Release control. Stop trying to manufacture outcomes. Do your part, but acknowledge that God has to do His part for anything to work.
Expect help. Not because you're entitled to it, but because God is faithful. He helped them. He'll help you.
I'm still learning this. Even after cancer and COVID, even after fifty years of ministry, I still catch myself trying to carry things I was never meant to carry. And every time, God gently reminds me: help comes through trust, not through striving.
The battles you're facing today: the relationships that are broken, the finances that are tight, the health that's failing, the ministry that's stuck: those aren't too big for God. But you have to cry out to Him in the middle of it. You have to put your trust in Him, not in your ability to fix it.
You Were Never Meant to Fight Alone
God doesn't want you white-knuckling your way through life.
He wants to be your Helper.
He wants to be entreated by you.
He wants to step into your impossible and make it His miracle.
But it requires trust. Not perfect trust. Not giant trust. Just honest, dependent, crying-out-in-the-battle trust.
And when you trust Him like that, help comes.
Not always the way you expect. Not always on your timeline. But it comes. Because God is faithful to those who put their trust in Him.

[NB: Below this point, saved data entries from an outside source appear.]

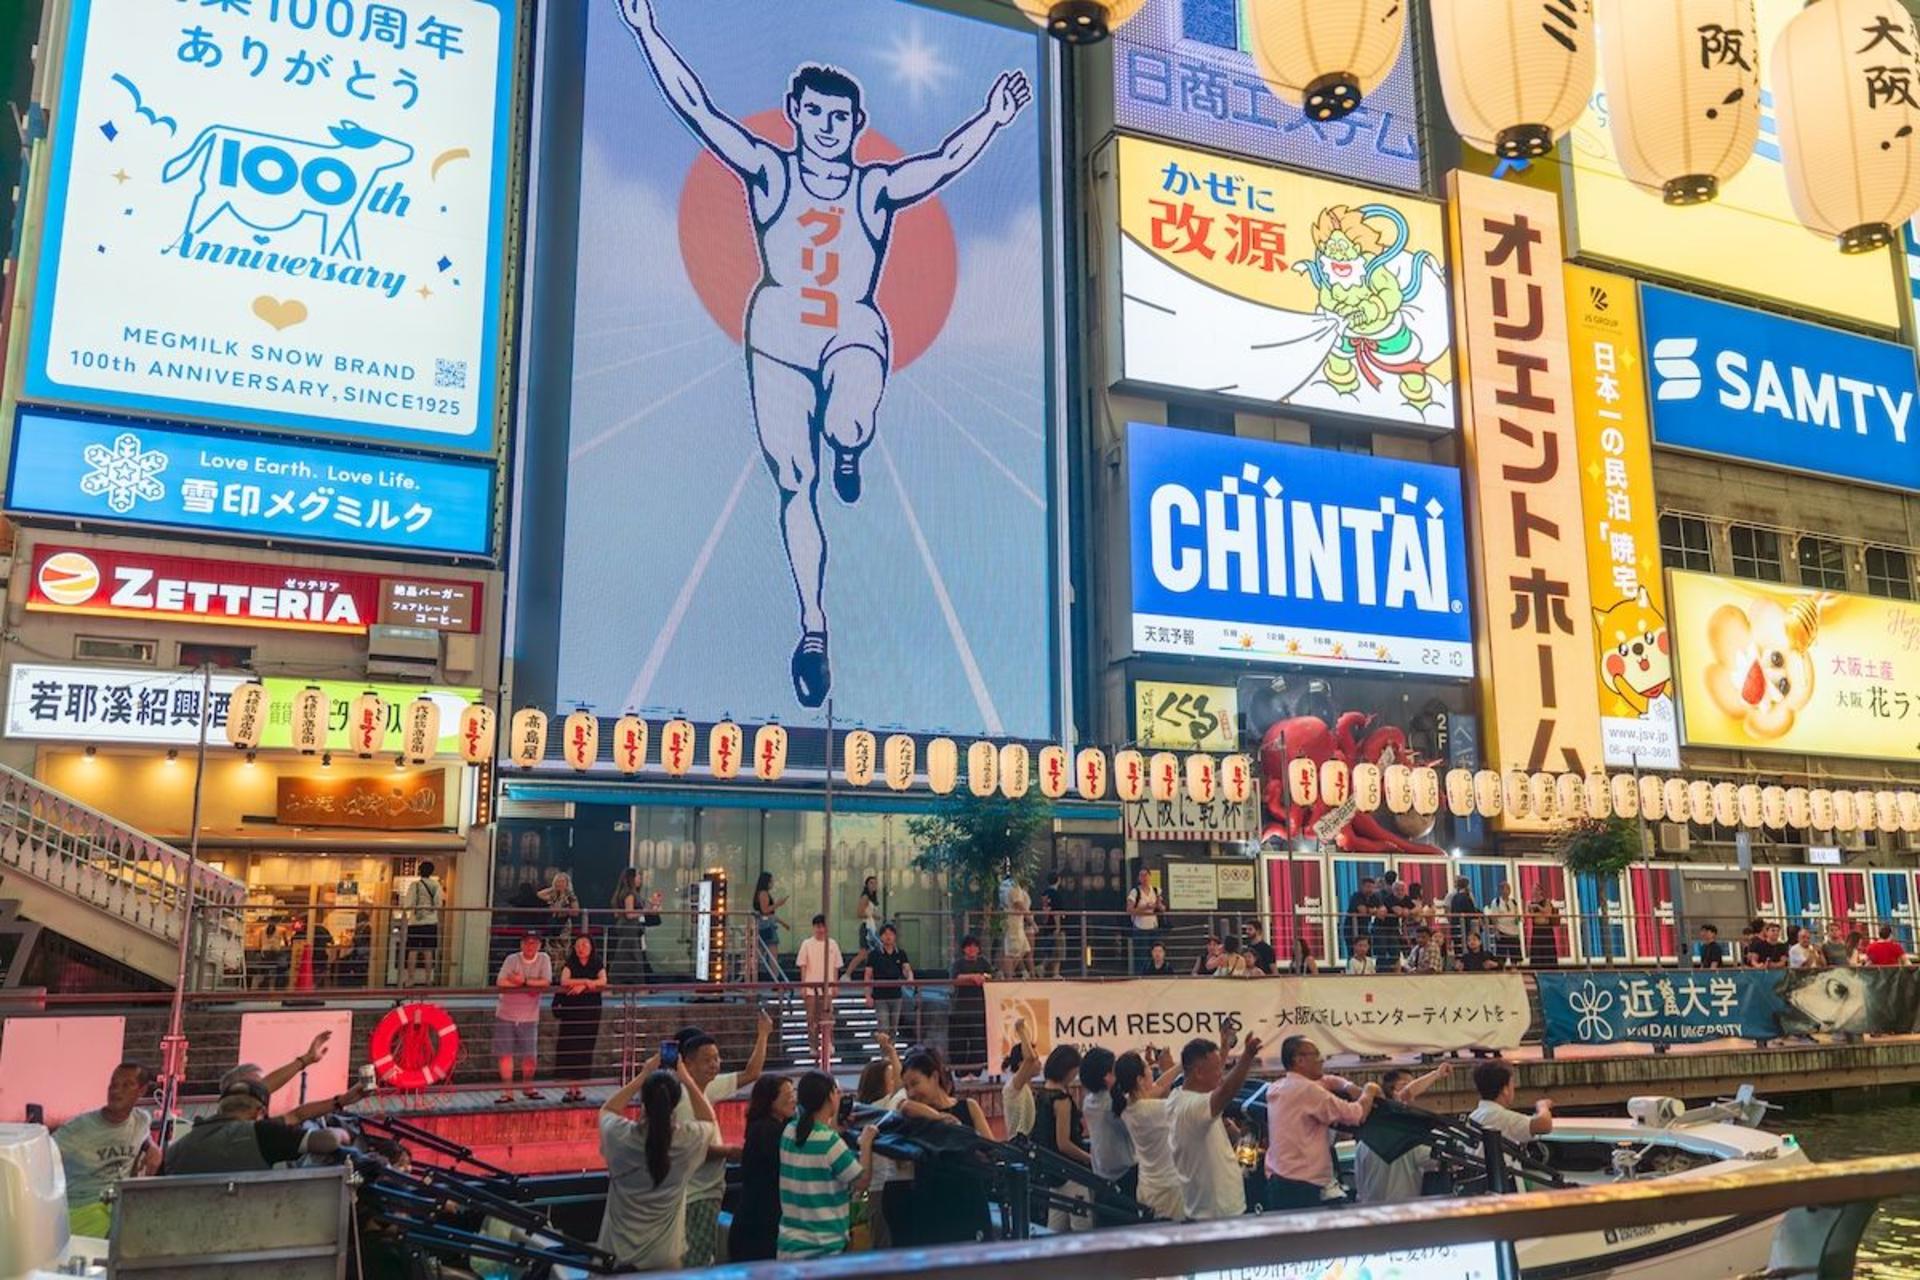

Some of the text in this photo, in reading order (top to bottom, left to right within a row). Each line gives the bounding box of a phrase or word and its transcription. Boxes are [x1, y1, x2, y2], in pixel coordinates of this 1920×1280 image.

[178, 0, 463, 60] 100周年
[177, 25, 419, 110] ありがとう
[219, 139, 410, 217] 100 th
[1161, 163, 1275, 213] かぜに
[1148, 199, 1290, 273] 改源
[161, 231, 406, 298] Anniversary
[797, 207, 845, 329] グリコ
[70, 351, 136, 373] 100th
[123, 326, 416, 381] MEGMILK SNOW BRAND
[1716, 350, 1912, 443] SAMTY
[201, 451, 421, 490] Love Earth. Love Life.
[1483, 214, 1584, 776] オリエントホーム
[181, 479, 433, 533] 雪印メグミルク
[110, 566, 360, 624] ZETTERIA
[284, 578, 340, 593] ゼッテリア
[394, 584, 464, 599] 絶品バーガー
[416, 613, 462, 625] コーヒー
[1144, 626, 1194, 646] 天気予報
[1831, 656, 1894, 681] 大阪土産
[1156, 692, 1218, 740] くくる
[1867, 686, 1920, 719] 花ラ
[521, 714, 541, 760] 高島屋
[1055, 1011, 1243, 1038] MGM RESORTS

If you want to go deeper into this kind of grace-centered, rest-filled life with God, I'd encourage you to check out the Followed By Mercy podcast. Each episode unpacks what it means to live from being loved first, instead of trying to earn what you already have.
You don't have to carry this alone. Cry out. Trust Him. Watch help come.

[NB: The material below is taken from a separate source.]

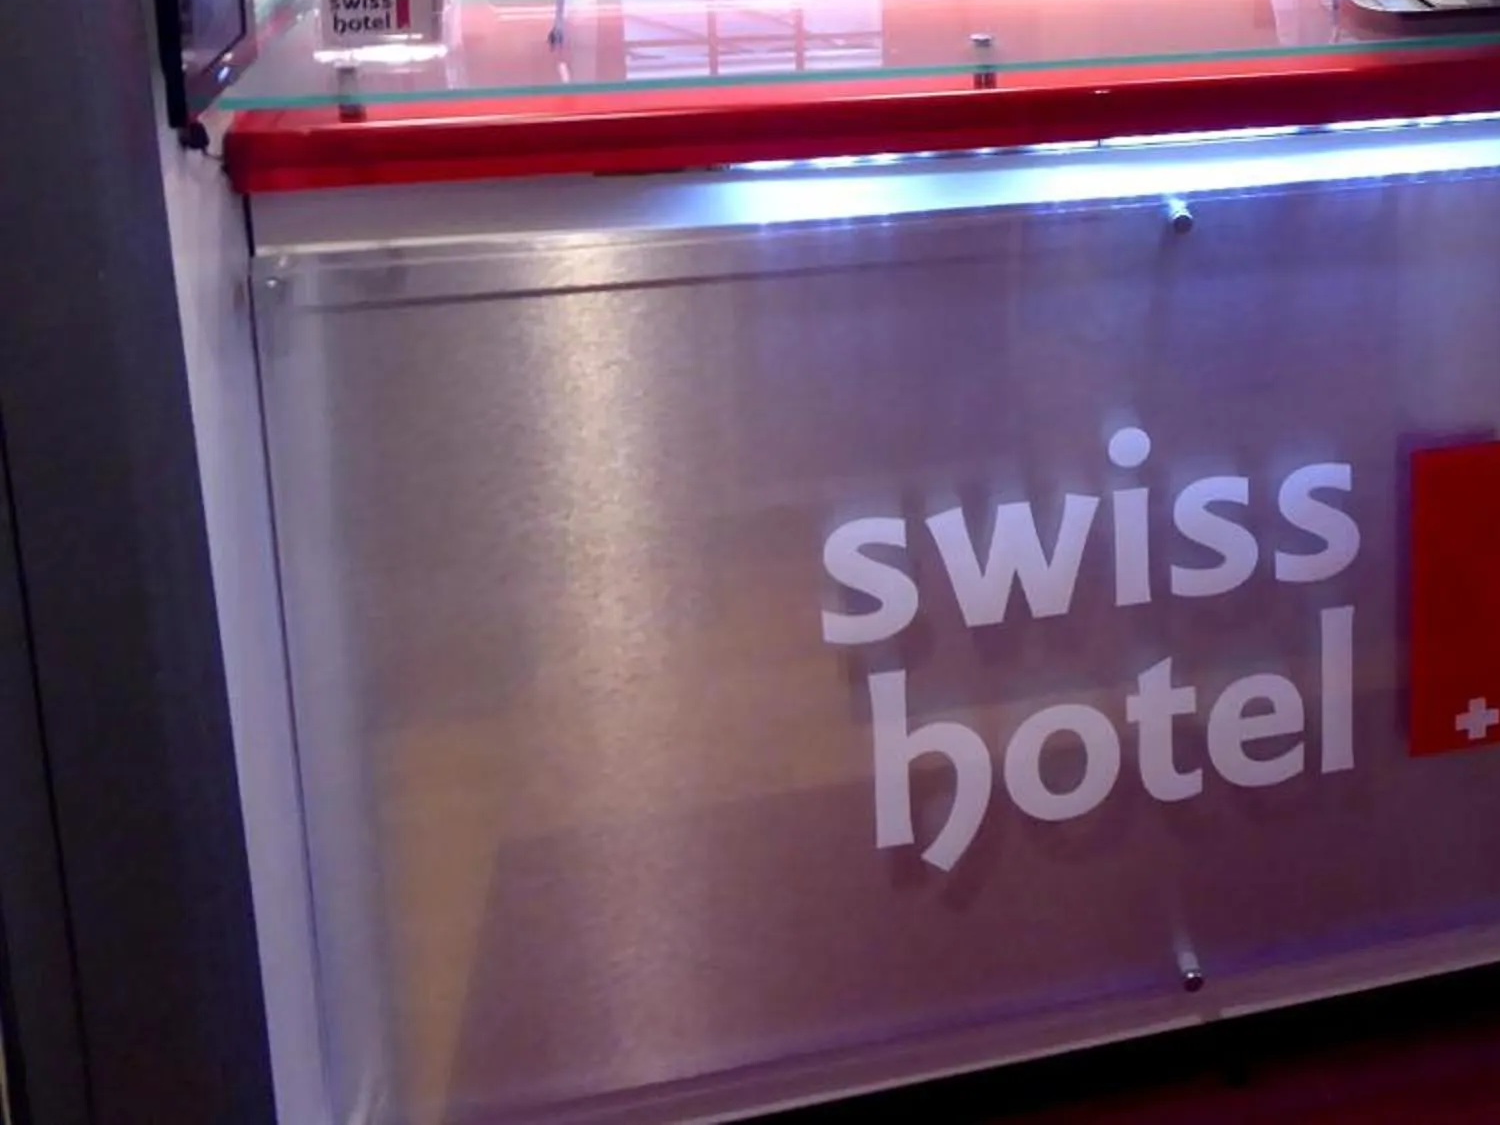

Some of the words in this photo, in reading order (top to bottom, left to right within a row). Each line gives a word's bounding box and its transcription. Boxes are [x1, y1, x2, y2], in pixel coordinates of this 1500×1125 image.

[333, 12, 391, 35] hotel
[821, 427, 1361, 645] swiss
[867, 605, 1355, 872] hotel

FAQ: Trust and Receiving God's Help
Does trusting God mean I shouldn't work hard or plan?
Not at all. Trust isn't passive: it's an active dependency. You still do your part, but you do it while fully depending on God for what only He can do. The Israelites still fought the battle, but they trusted God for the victory.
What if I've cried out to God and haven't seen help yet?
God's help doesn't always come on our timeline or in the package we expect, but He is faithful. Keep crying out. Keep trusting. Sometimes the help is sustaining grace to endure, and sometimes it's breakthrough. Either way, He's with you in the battle, and that changes everything.
How do I know if I'm really trusting God or just being lazy?
Trust is marked by dependence, not passivity. If you're doing what you can while acknowledging God must do what you cannot, that's trust. Laziness avoids responsibility. Trust embraces it while resting in God's power, not your own.